Song for Alpha may be considerably more muted than its predecessor, but it feels bigger, because Avery has a talent for evoking three-dimensional scale. When Avery was working on “Sensation,” one of the album’s heavier techno cuts, Alkan told him that the vast, engulfing drones needed to be five times louder, so he pushed them to the edge of distortion. “If you close your eyes in the club it sounds like the music is fifty feet tall,” Avery told Interview magazine. “Sensation” feels like standing in the street in a disaster movie, watching a giant tidal wave bear down on you in slow motion. “Diminuendo” collapses in the middle with a dull roar, like a demolished tower block, before snapping back into its metallic groove. Avery’s minimalism makes these moments of rupture all the more powerful: Not much happens until everything does.
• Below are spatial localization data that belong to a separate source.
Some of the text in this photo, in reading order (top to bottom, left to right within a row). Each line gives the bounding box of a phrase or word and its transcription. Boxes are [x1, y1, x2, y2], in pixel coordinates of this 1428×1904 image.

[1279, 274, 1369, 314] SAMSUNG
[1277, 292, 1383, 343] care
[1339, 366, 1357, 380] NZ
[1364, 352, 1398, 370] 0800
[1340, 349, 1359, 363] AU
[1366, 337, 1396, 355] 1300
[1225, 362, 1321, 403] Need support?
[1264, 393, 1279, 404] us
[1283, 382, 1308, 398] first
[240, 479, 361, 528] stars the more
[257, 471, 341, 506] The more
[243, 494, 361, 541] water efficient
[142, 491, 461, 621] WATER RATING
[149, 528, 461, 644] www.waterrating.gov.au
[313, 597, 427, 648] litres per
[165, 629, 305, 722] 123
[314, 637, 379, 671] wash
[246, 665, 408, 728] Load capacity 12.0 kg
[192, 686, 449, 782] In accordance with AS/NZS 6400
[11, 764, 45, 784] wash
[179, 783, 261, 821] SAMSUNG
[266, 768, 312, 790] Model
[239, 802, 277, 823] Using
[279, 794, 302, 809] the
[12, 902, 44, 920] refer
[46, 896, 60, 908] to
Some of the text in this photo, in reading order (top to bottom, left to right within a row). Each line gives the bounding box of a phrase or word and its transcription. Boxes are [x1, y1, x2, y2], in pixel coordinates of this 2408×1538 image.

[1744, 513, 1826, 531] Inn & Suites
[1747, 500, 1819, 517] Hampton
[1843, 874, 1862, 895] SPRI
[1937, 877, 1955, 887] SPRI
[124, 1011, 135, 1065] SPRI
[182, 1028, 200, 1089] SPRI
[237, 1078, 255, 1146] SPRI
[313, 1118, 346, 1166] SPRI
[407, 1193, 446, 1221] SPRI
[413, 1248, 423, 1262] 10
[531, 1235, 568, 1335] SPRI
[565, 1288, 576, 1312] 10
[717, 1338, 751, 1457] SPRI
An assimilator rather than an innovator, Avery has a shrewd ear for sounds that serve his world-building purposes: Burial’s phantom transmissions, the corroded, water-damaged drones of William Basinski’s Disintegration Loops, the Cold War chill that grips side two of Bowie’s Low. Most notably, in the chattering synthesizers of “Stereo L” and the primitive mechanical breakbeats of “Citizen/Nowhere,” there’s the legacy of Aphex Twin’s Selected Ambient Works 85–92, which built a bridge between rave and ambient, noise and absence, and whose tracklisting resembled a tour guide for a ruined civilization: “Delphium,” “Actium,” “Ageispolis,” “Heliosphan.”

Unlike its predecessor, Song for Alpha features just a single human voice, a breathy sigh that fills all eight seconds of “Endnote,” and its appearance highlights the album’s eerily depopulated atmosphere: a city with nobody home. “Projector” sounds like someone playing a rave riff on a fairground organ after dusk has fallen and everyone else has vanished. The chiming, meditative techno of “Quick Eternity” closes the album with an oscillating, Möbius-loop drone, like a machine that’s been left alone to run itself. While Drone Logic bustled with action, Song for Alpha is the sound of the in-between spaces in Avery’s life, where the mind frays and wanders. He sums up the album as “eyes closed as opposed to hands in the air,” but the best thing about Avery’s deep-dive techno is that it invites you to do both those things at the same time.